--- Recorded information ---
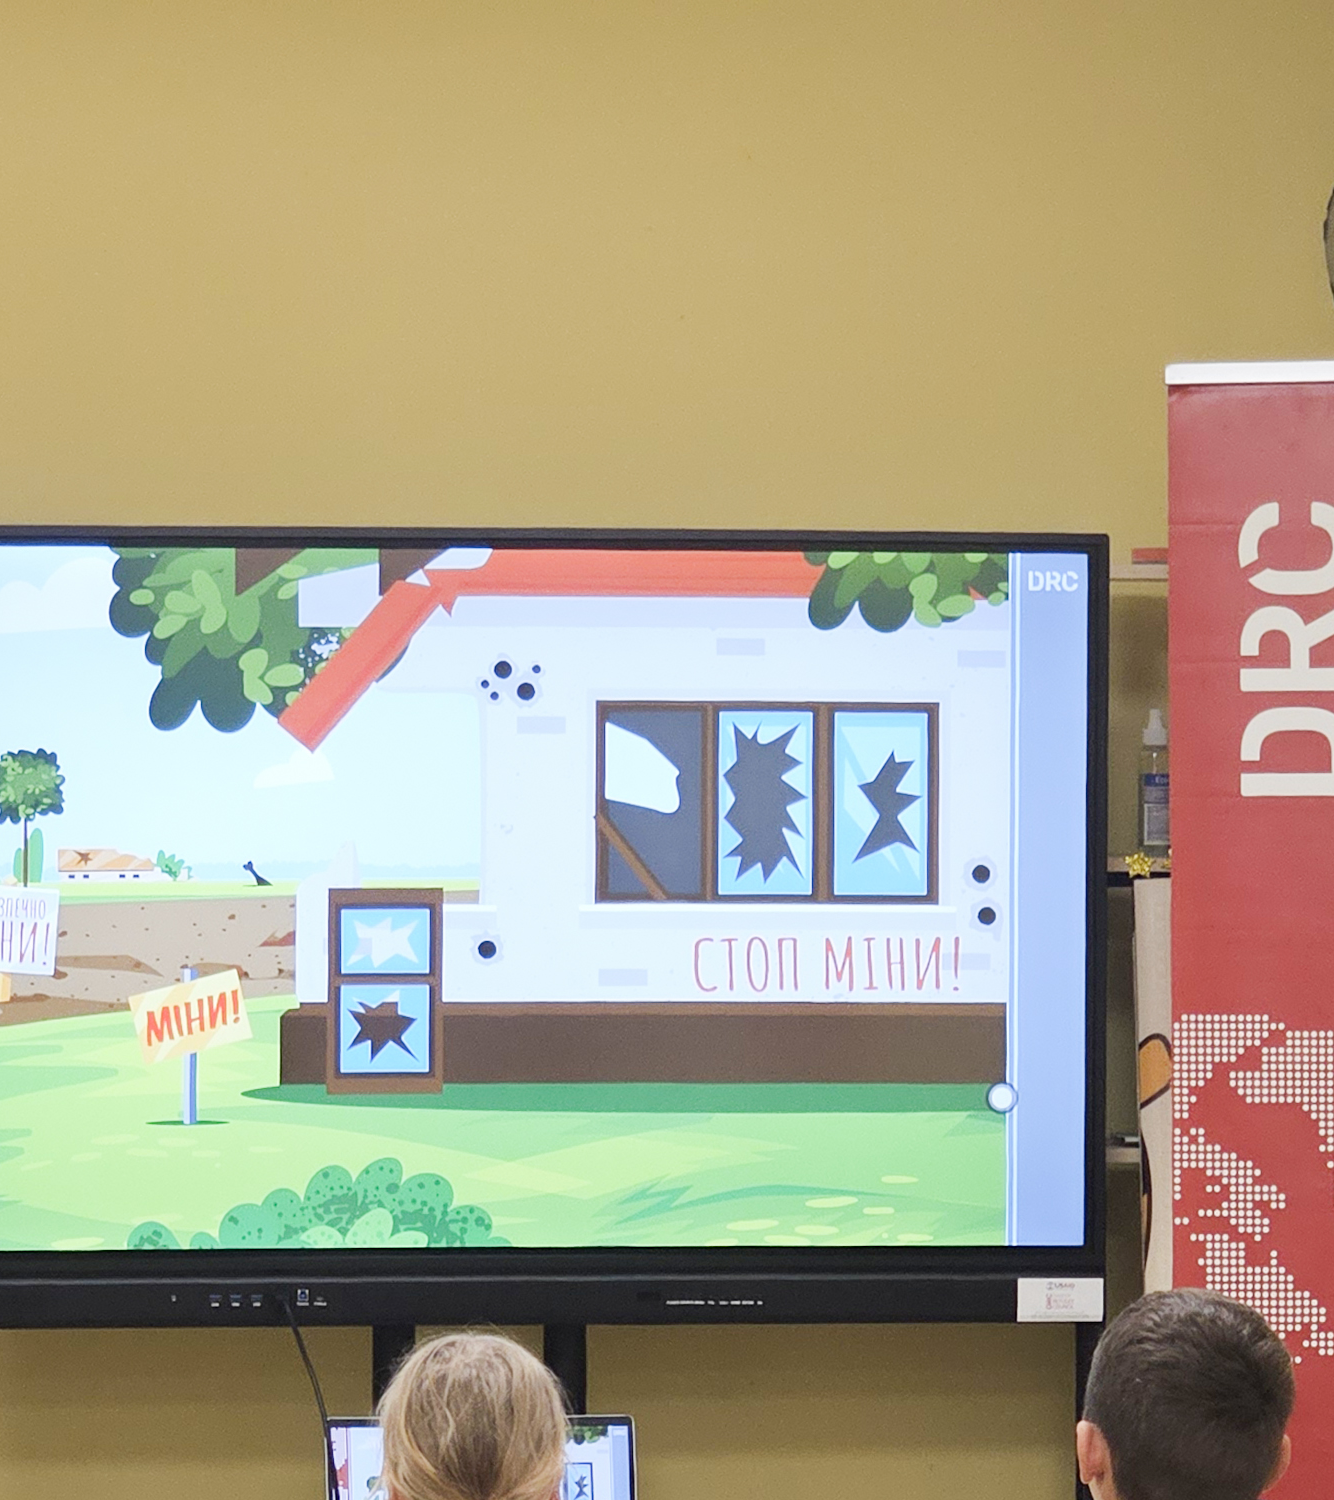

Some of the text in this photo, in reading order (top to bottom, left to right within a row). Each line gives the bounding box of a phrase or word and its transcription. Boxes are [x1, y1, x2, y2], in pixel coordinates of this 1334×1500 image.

[1028, 570, 1079, 592] DRC
[694, 936, 960, 992] СТОП МІНИ!
[146, 989, 241, 1047] МІНИ!
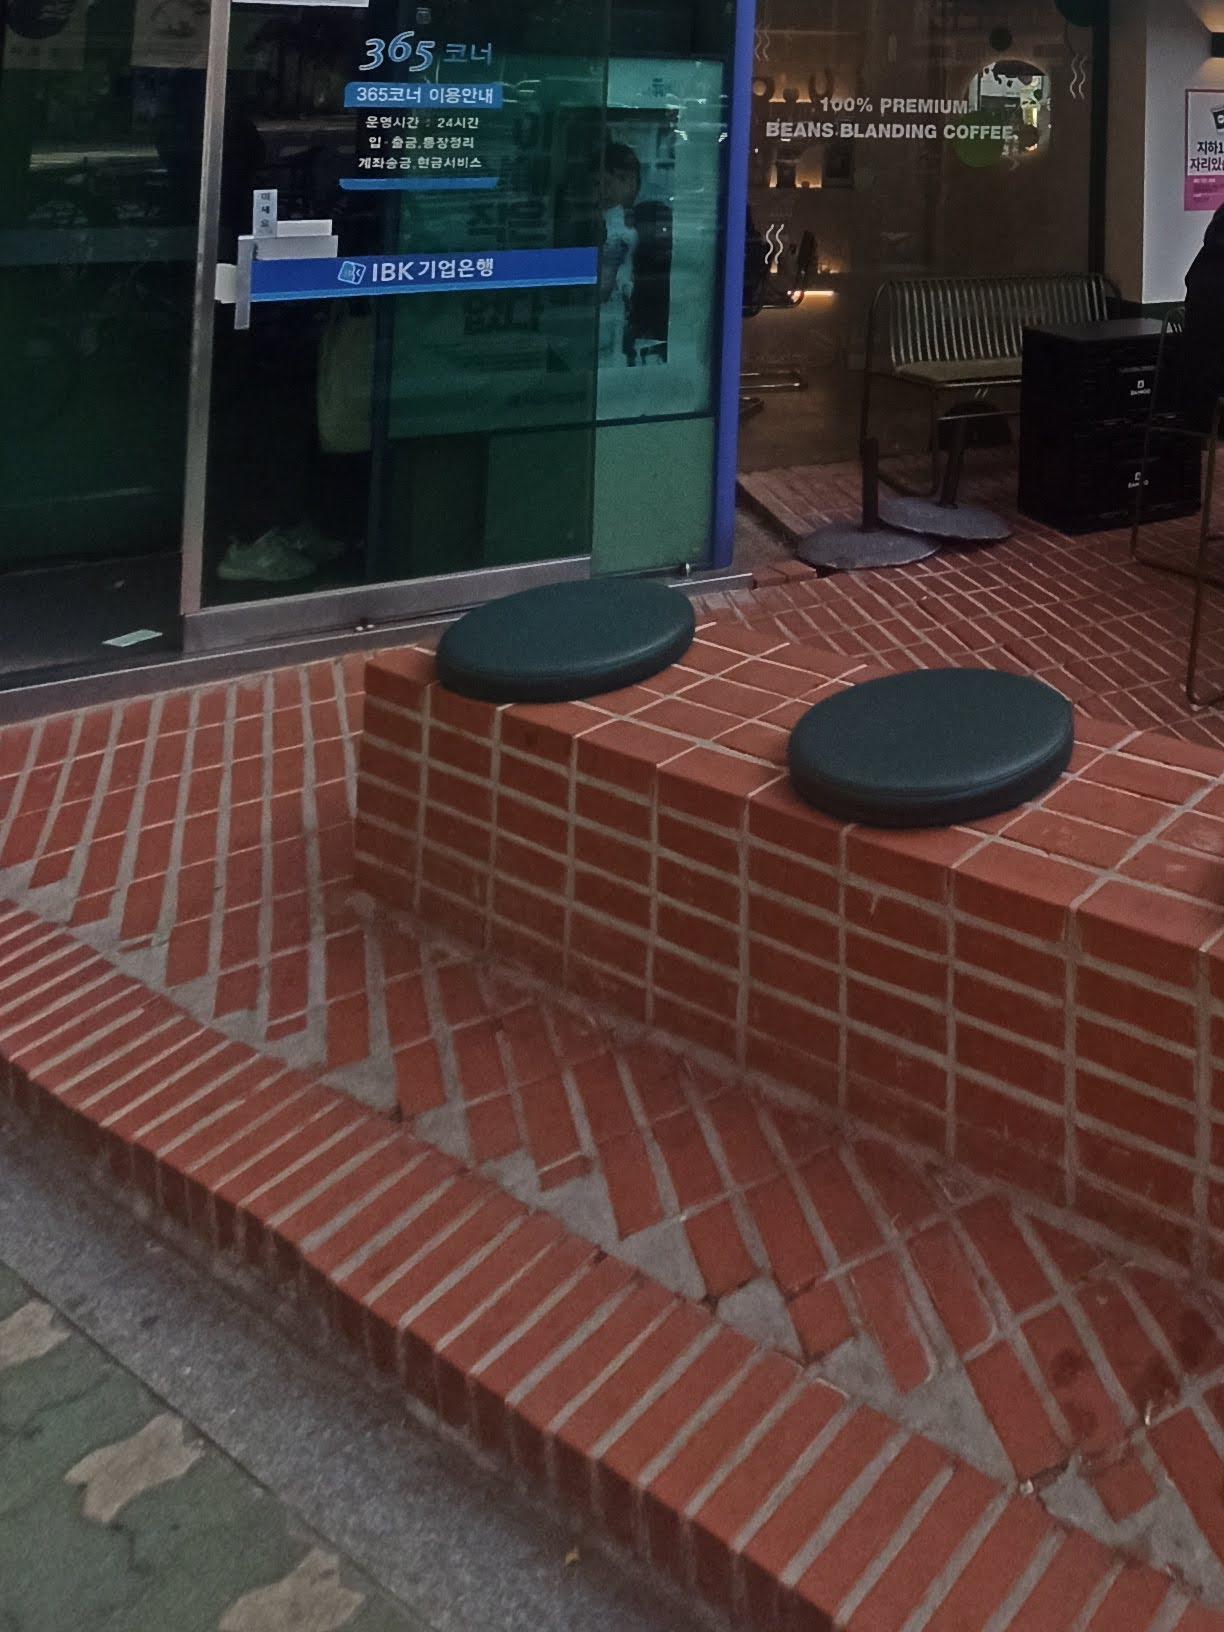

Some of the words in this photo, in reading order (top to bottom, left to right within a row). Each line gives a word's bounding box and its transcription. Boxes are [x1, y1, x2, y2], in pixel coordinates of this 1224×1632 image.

[358, 31, 436, 72] 365
[443, 42, 492, 66] 코너
[356, 86, 422, 103] 365코너
[429, 87, 494, 105] 이용안내
[820, 96, 873, 113] 100%
[881, 98, 968, 115] PREMIUM
[365, 116, 420, 129] 운영시간
[436, 117, 479, 129] 24시간
[766, 121, 834, 139] BEANS
[840, 121, 937, 140] BLANDING

--- Work to complete ---
Leave out every line ahead of the one containing "Some of the words" and print the rest of the listing exactly.

--- Output below ---
Some of the words in this photo, in reading order (top to bottom, left to right within a row). Each line gives a word's bounding box and its transcription. Boxes are [x1, y1, x2, y2], in pixel coordinates of this 1224×1632 image.

[358, 31, 436, 72] 365
[443, 42, 492, 66] 코너
[356, 86, 422, 103] 365코너
[429, 87, 494, 105] 이용안내
[820, 96, 873, 113] 100%
[881, 98, 968, 115] PREMIUM
[365, 116, 420, 129] 운영시간
[436, 117, 479, 129] 24시간
[766, 121, 834, 139] BEANS
[840, 121, 937, 140] BLANDING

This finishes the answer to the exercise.